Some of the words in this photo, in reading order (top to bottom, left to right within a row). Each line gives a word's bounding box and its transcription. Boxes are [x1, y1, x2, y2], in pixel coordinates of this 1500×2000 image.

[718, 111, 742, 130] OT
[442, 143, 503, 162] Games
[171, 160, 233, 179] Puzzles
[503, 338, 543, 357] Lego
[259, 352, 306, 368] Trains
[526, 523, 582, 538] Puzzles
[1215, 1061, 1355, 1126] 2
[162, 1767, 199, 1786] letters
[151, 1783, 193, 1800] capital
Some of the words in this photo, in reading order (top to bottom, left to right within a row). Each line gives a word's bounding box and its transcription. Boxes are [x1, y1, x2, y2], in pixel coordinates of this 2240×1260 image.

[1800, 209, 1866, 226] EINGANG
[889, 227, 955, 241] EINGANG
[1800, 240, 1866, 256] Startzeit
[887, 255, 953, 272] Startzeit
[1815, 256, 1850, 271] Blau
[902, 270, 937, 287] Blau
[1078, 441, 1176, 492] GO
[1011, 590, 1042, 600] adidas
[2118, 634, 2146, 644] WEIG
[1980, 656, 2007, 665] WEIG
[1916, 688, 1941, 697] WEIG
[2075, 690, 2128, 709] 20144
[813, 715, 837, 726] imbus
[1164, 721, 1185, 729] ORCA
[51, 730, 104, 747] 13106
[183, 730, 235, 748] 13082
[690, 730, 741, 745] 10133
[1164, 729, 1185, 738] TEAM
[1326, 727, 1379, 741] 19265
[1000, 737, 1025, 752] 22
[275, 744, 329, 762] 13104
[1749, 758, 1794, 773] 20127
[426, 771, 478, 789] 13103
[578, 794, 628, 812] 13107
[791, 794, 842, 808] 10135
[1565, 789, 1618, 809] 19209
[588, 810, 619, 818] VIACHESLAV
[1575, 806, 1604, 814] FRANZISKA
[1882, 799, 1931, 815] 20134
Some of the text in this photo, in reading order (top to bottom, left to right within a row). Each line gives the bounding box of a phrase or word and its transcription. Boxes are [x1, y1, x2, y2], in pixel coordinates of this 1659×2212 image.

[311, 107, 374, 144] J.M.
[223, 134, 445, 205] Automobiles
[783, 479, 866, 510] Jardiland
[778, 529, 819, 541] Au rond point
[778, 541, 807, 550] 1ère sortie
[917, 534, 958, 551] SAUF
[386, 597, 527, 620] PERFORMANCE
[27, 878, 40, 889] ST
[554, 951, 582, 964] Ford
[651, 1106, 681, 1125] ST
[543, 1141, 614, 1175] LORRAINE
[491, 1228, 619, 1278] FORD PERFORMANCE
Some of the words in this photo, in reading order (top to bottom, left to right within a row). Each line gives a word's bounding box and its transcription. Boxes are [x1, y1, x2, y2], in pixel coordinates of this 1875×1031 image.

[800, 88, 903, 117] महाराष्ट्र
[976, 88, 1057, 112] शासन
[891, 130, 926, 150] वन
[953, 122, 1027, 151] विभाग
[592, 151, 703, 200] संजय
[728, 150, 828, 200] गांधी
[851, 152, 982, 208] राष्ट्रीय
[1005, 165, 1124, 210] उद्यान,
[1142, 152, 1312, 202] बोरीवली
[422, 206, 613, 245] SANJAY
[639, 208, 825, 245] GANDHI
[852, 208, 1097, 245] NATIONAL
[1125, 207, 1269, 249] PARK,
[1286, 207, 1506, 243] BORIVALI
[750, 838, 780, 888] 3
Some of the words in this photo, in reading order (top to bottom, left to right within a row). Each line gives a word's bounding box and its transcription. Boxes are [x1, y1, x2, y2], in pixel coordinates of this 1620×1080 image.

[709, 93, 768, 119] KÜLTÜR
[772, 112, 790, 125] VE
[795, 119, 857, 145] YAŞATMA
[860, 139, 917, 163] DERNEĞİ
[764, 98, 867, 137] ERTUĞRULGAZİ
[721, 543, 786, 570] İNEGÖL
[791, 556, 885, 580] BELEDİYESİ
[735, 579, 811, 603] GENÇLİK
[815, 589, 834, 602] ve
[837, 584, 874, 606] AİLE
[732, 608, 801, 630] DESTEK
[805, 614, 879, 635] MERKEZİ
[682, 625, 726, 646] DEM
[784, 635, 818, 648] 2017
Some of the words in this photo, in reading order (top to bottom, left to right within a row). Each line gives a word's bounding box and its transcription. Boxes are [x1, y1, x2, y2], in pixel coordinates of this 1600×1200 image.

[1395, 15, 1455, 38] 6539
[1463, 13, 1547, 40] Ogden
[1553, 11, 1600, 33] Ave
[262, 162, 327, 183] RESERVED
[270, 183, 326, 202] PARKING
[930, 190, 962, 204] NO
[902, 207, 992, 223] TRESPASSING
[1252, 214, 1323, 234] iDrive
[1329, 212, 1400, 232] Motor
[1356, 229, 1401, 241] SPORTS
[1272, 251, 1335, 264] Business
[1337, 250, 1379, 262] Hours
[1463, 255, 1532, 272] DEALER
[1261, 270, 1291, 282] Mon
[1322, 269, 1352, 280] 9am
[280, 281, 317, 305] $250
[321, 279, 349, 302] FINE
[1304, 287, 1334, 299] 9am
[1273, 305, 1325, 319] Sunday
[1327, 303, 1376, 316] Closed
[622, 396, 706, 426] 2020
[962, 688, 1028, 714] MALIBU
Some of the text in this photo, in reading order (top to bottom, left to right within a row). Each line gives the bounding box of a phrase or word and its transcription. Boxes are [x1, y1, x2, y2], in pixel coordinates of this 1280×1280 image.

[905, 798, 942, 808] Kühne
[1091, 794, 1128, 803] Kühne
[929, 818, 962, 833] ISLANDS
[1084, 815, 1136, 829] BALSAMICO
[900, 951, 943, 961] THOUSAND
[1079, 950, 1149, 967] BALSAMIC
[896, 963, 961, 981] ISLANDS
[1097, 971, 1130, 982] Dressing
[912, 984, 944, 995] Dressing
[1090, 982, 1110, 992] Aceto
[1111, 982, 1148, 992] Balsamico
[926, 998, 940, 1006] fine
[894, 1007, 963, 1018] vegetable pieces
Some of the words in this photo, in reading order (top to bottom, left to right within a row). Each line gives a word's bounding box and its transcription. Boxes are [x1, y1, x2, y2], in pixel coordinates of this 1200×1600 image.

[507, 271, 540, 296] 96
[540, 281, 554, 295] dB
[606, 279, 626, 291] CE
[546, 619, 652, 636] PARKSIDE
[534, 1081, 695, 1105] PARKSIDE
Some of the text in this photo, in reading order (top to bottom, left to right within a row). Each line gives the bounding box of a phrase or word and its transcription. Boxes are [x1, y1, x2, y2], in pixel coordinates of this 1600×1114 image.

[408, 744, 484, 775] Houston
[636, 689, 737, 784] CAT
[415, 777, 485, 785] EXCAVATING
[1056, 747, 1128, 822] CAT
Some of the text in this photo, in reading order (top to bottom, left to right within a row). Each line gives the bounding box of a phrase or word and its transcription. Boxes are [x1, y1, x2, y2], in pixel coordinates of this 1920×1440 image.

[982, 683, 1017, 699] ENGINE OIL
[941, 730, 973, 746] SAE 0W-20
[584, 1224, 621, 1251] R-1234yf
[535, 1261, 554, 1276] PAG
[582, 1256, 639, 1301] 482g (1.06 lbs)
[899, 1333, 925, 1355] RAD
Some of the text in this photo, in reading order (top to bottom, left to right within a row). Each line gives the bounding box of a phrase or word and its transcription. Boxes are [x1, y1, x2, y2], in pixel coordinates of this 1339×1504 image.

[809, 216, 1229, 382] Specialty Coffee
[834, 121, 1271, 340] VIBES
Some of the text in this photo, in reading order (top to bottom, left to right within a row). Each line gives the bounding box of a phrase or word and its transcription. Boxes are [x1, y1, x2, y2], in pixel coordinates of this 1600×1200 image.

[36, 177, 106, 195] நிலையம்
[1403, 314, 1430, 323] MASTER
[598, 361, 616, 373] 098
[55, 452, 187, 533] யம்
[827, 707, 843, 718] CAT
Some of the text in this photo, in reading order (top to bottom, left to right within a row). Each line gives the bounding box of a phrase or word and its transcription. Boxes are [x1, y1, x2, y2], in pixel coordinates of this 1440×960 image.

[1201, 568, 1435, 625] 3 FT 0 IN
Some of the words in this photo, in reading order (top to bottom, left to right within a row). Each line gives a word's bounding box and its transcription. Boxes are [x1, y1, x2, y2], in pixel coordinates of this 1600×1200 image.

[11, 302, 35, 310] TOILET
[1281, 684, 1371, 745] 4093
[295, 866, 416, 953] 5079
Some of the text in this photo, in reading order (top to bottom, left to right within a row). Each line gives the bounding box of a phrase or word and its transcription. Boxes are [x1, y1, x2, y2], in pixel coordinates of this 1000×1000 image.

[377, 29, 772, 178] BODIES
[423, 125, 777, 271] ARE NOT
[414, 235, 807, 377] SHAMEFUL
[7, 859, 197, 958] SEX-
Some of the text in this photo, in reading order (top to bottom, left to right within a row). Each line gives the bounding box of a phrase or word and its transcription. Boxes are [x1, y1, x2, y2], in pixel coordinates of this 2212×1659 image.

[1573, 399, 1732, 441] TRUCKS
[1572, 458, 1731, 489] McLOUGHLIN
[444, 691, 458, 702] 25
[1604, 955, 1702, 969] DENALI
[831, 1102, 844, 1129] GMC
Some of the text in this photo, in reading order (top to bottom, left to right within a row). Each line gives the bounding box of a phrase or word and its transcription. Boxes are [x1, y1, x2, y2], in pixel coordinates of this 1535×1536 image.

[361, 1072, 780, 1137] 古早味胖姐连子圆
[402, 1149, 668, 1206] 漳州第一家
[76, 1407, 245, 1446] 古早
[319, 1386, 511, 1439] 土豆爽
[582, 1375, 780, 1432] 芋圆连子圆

## TASK GOAL
Your answer must be the lines from the one with "this 1535×1536 image." through the last line of the data, repeated exactly and with nothing else.

## RESULT
Some of the text in this photo, in reading order (top to bottom, left to right within a row). Each line gives the bounding box of a phrase or word and its transcription. Boxes are [x1, y1, x2, y2], in pixel coordinates of this 1535×1536 image.

[361, 1072, 780, 1137] 古早味胖姐连子圆
[402, 1149, 668, 1206] 漳州第一家
[76, 1407, 245, 1446] 古早
[319, 1386, 511, 1439] 土豆爽
[582, 1375, 780, 1432] 芋圆连子圆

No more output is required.